President Donald Trump holds a Cabinet meeting, Wednesday, April 30, 2025, in the Cabinet Room.

In an article for The Nation published Monday, Katherine Krueger, a contributing editor for Current Affairs, argued that the Trump administration is governed by men who imagine themselves as Nietzschean Übermenschen, but in reality are insecure, performative, and deeply flawed.

She claimed that these figures, especially those at the heart of the administration, project strength and dominance while signaling anxiety, neediness, and a compulsion to overcompensate.

"They effectively control our fates, but deep down, they know they’re sniveling, pathetic, and inadequate, and it eats them up, the article said.

Krueger contended that these so‑called winners are “huge losers and crybabies,” despite controlling levers of power. She argued that their contradictory behavior — insisting on total authority while revealing inner fragility — undermines their claim to superiority.

She noted that the Trump era is marked by governing elites who posture as dominators but expose themselves as desperate for validation and unable to withstand dissent or embarrassment.

To illustrate this, Krueger discussed the public personas of President Donald Trump's advisor Stephen Miller and tech billionaire Elon Musk, who was part of the administration until recently. She described how Miller’s early remarks targeting janitors signal a longstanding impulse to dominate weaker others, and how his later political role amplifies that pattern.

She portrayed Musk’s maneuvers — his takeover of social media, his public pronouncements, and his efforts to control narratives — as signs of someone relentlessly striving to manufacture influence rather than embody it.

Krueger also highlighted how these men react to challenges or criticism. She pointed to the response following right-wing activist Charlie Kirk’s assassination.

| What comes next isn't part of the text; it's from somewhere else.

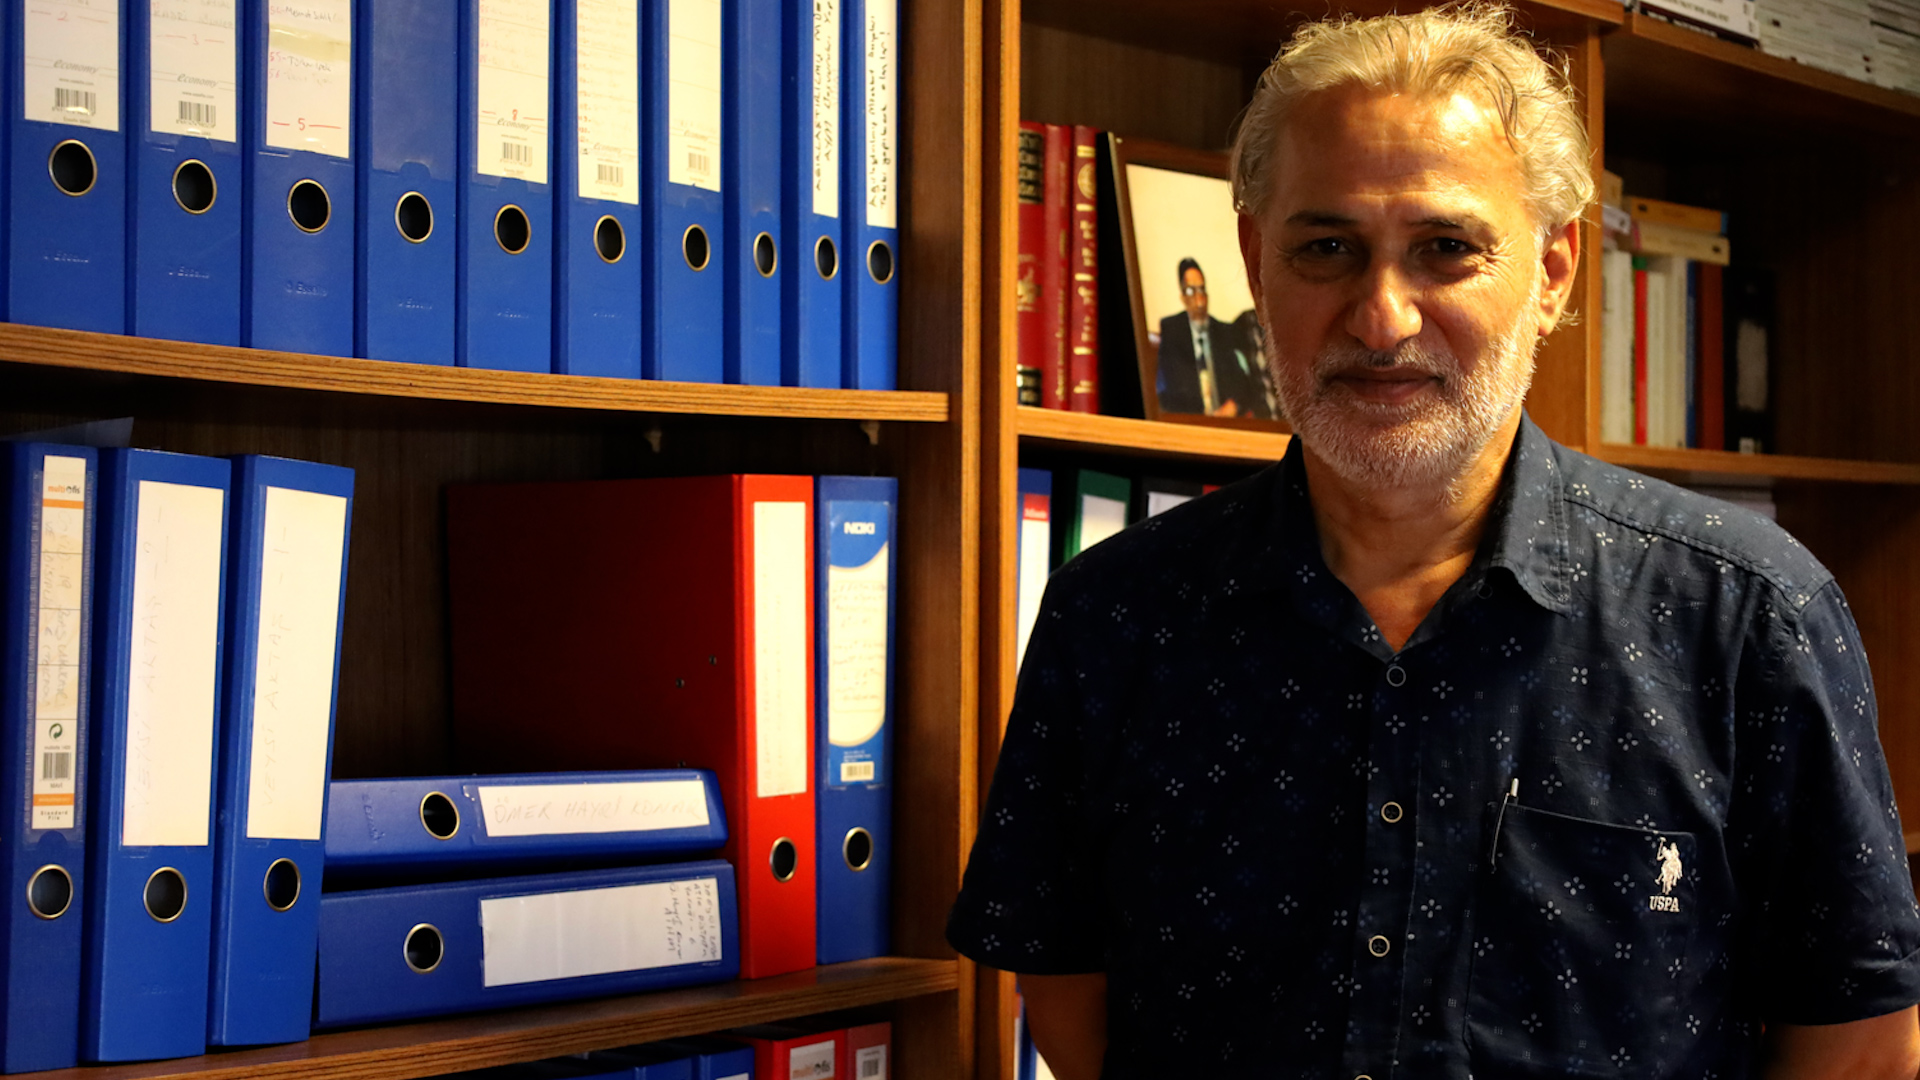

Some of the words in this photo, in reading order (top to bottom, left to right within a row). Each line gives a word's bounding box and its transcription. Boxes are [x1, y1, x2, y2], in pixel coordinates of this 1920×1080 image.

"Their impulse to tell on themselves has been on full display in the wake of Charlie Kirk’s assassination. Conservatives who normally never shut up about cancel culture instantly formed a roving cancellation mob, running around to get dozens of educators, government workers, and journalists fired for being insufficiently mournful or a bit too honest (among those fired were MSNBC senior political analyst Matthew Dowd and Washington Post columnist Karen Attiah). Some particularly sad sacks even went around hassling local businesses to lower their flags in honor of Kirk," she wrote.

The author added: "These losers aren’t hemmed in by the laws of the land or human decency, but they’ll never be MacArthur or Truman, and we’re never going to buy the tough guy act they’re working so hard to manufacture and impose on us. It should be enough to simply rule the world in their image, but that would demand a shred of confidence—and faces that didn’t all look like that."